To do:
Return all the data verbatim but without images.

Records shown:
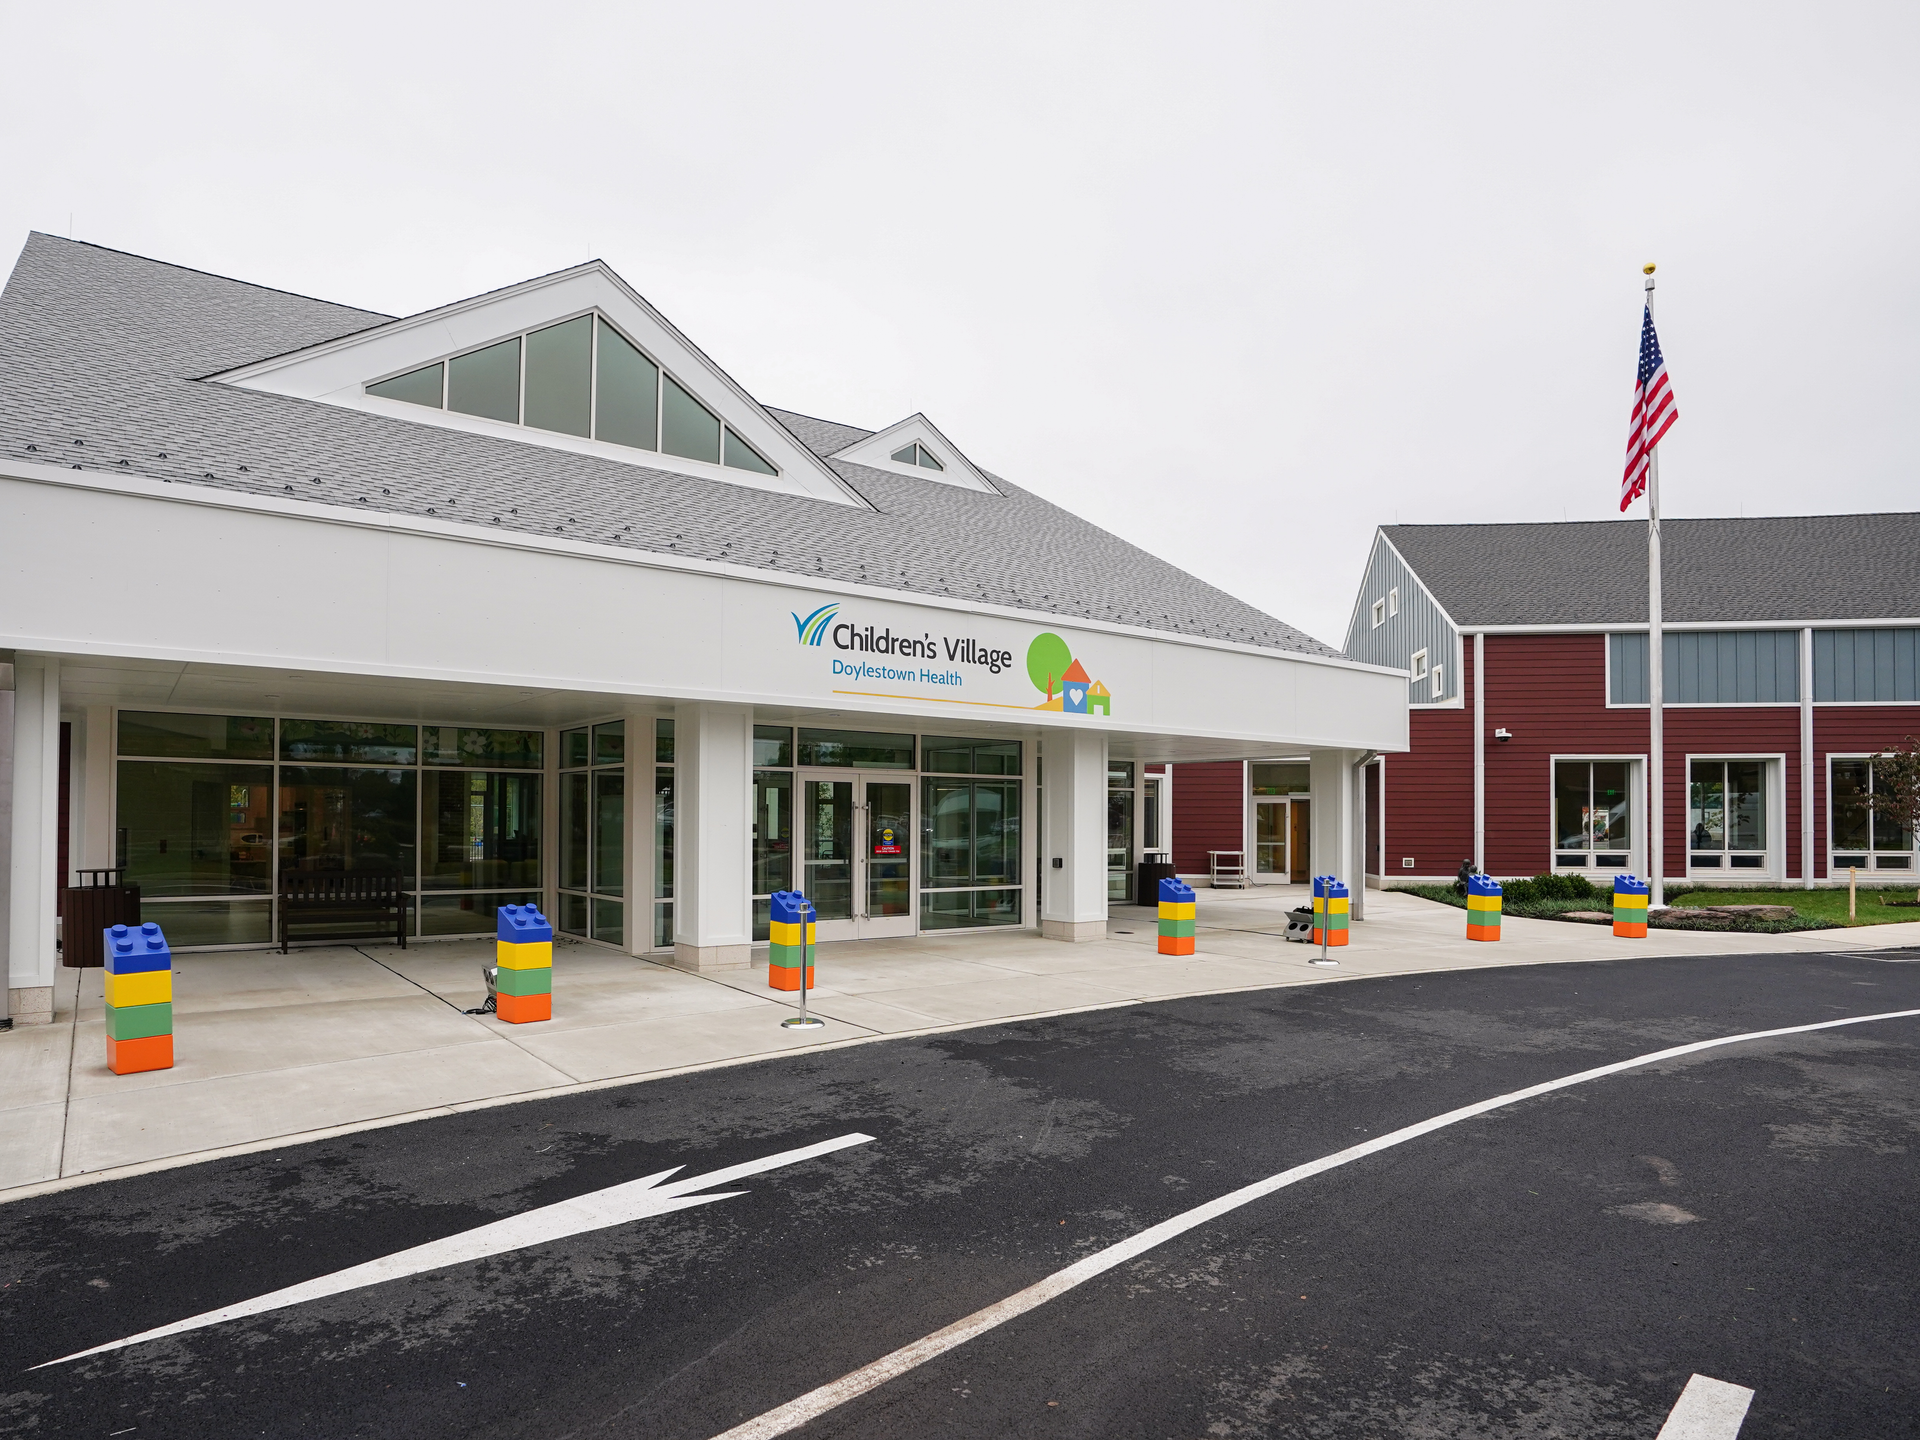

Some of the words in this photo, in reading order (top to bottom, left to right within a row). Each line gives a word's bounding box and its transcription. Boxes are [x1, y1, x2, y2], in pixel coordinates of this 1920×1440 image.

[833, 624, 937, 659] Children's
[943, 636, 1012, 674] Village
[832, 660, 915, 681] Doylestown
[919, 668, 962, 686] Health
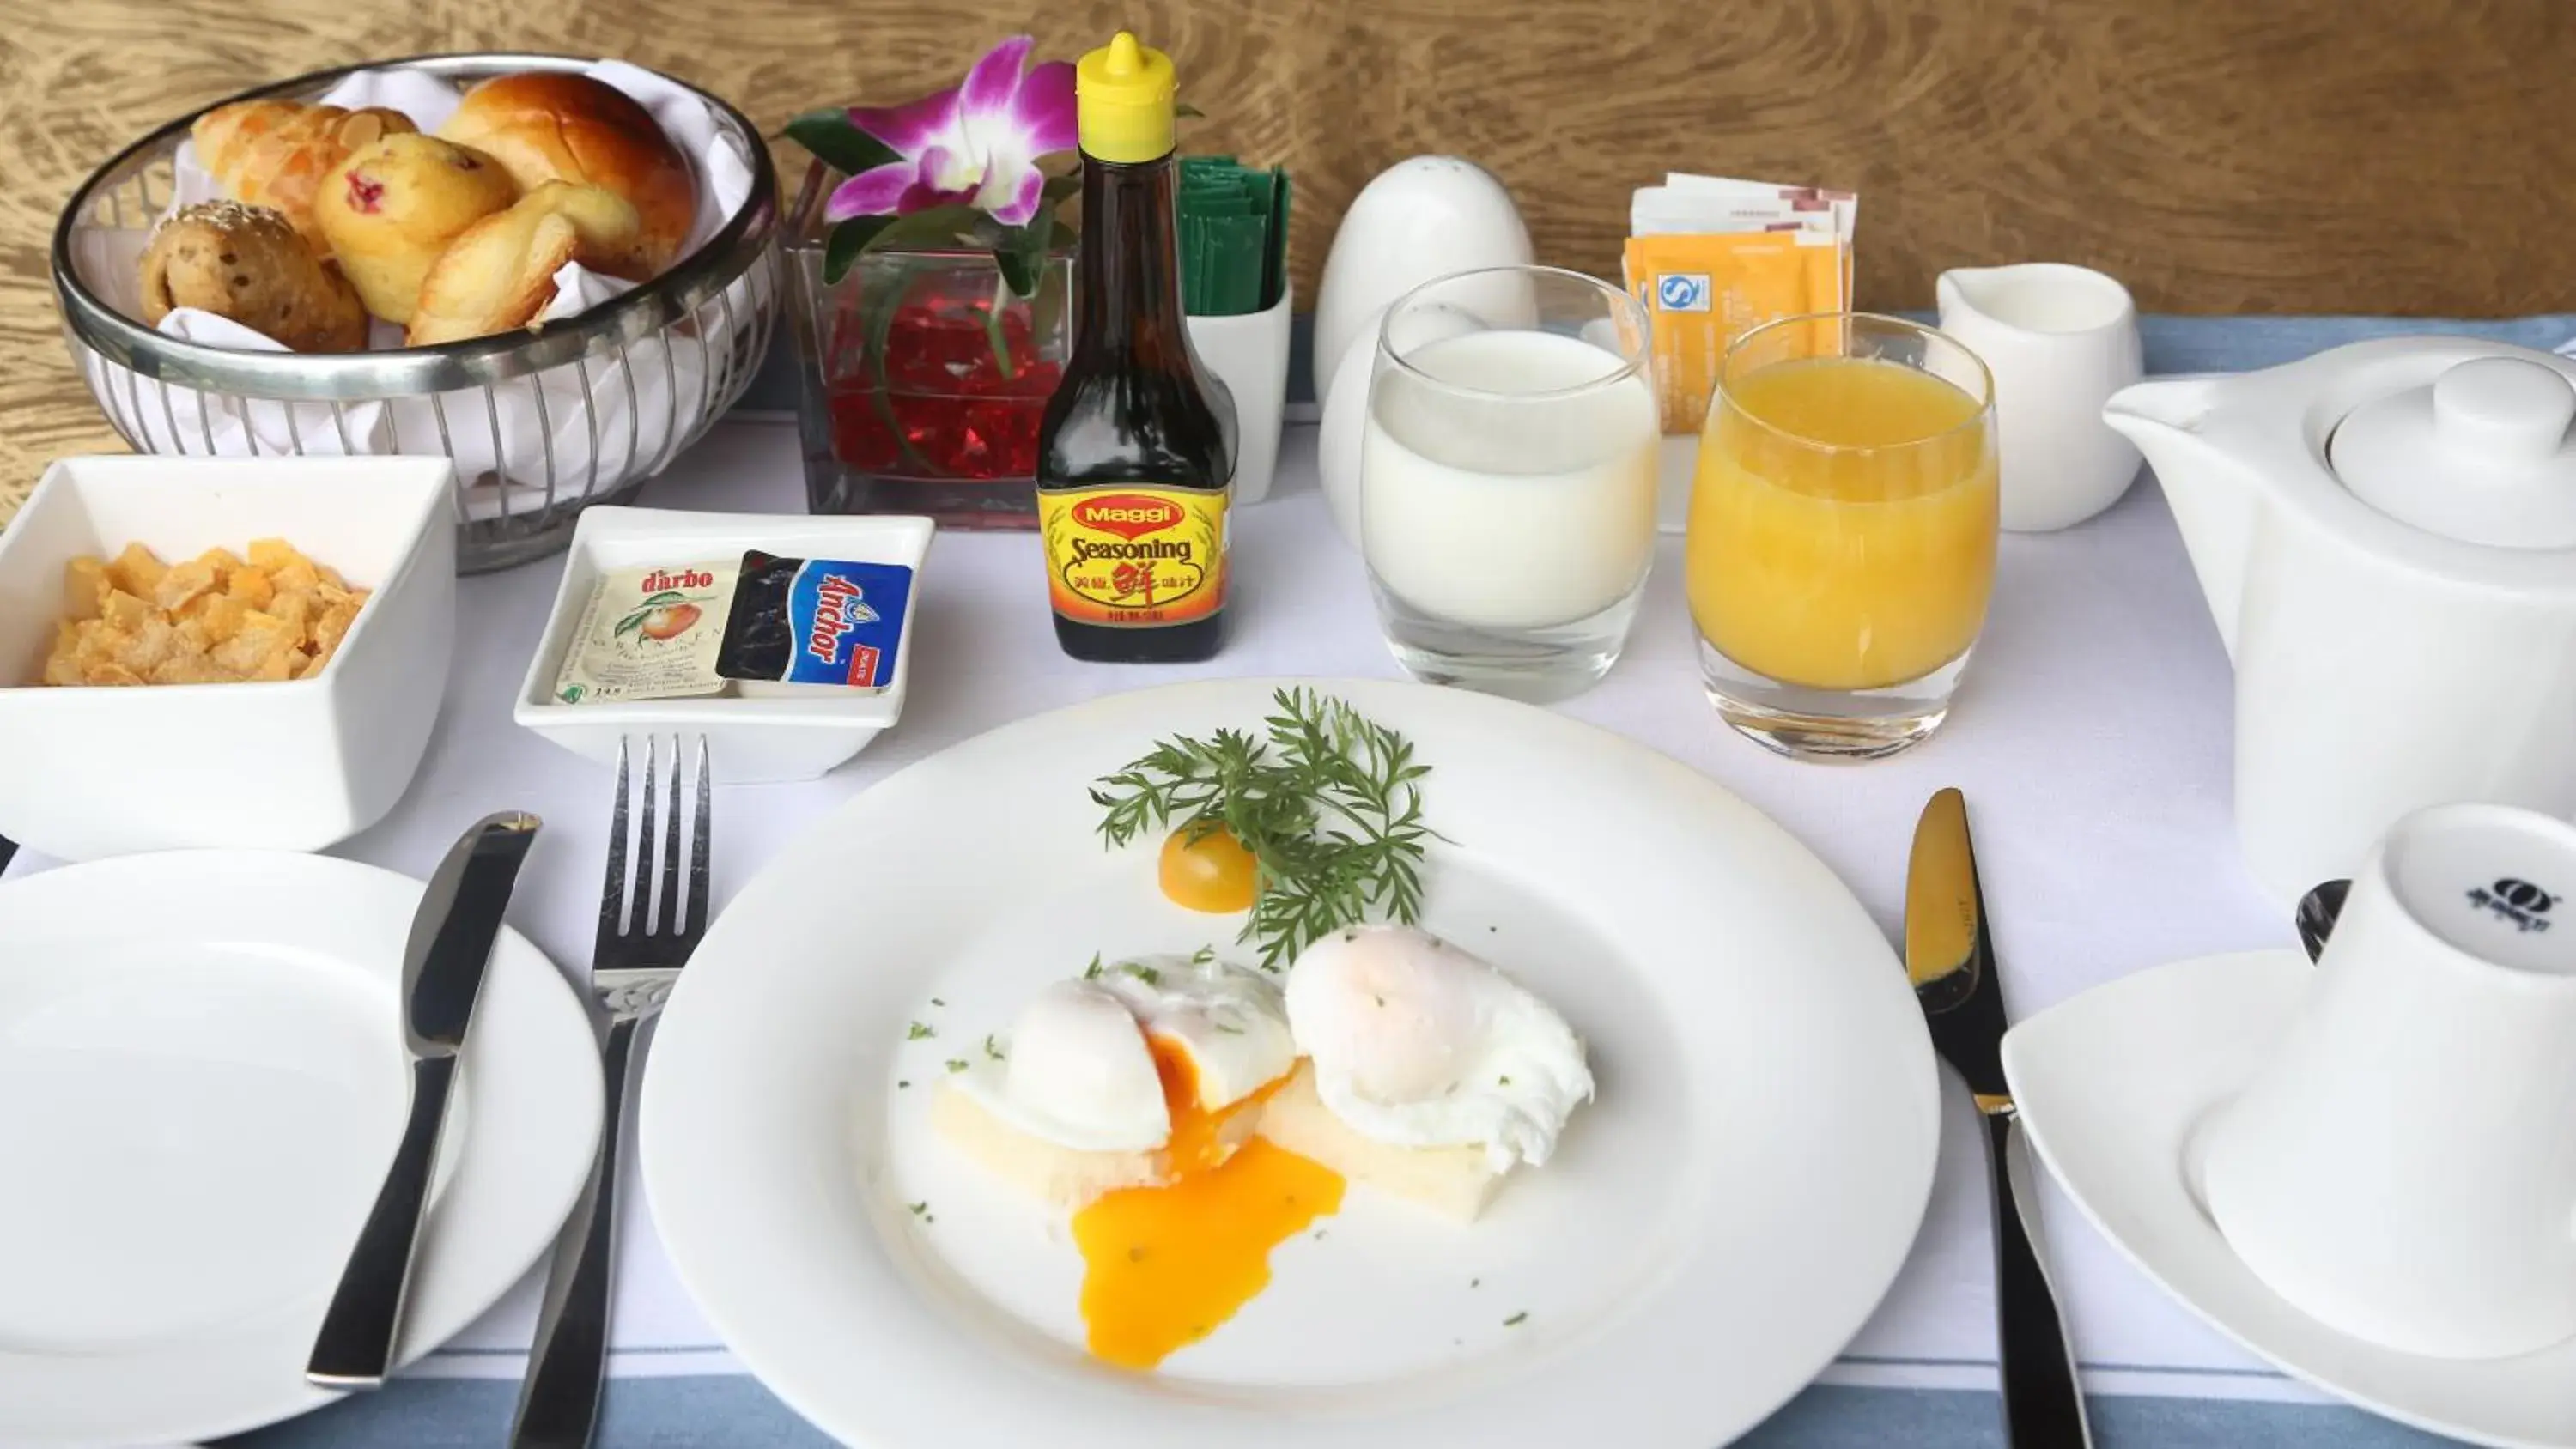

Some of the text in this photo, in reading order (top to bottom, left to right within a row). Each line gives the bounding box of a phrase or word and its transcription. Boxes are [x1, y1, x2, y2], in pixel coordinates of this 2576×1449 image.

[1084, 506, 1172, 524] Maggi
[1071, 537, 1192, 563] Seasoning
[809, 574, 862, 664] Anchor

Answer:
Some of the words in this photo, in reading order (top to bottom, left to right within a row). Each line gives a word's bounding box and its transcription. Boxes are [x1, y1, x2, y2], in pixel coordinates of this 1920×1440 image.

[833, 624, 937, 659] Children's
[943, 636, 1012, 674] Village
[832, 660, 915, 681] Doylestown
[919, 668, 962, 686] Health

Some of the text in this photo, in reading order (top to bottom, left to right within a row). Each line gives the bounding box of a phrase or word and its transcription. Boxes are [x1, y1, x2, y2], in pixel coordinates of this 2576×1449 image.

[1084, 506, 1172, 524] Maggi
[1071, 537, 1192, 563] Seasoning
[809, 574, 862, 664] Anchor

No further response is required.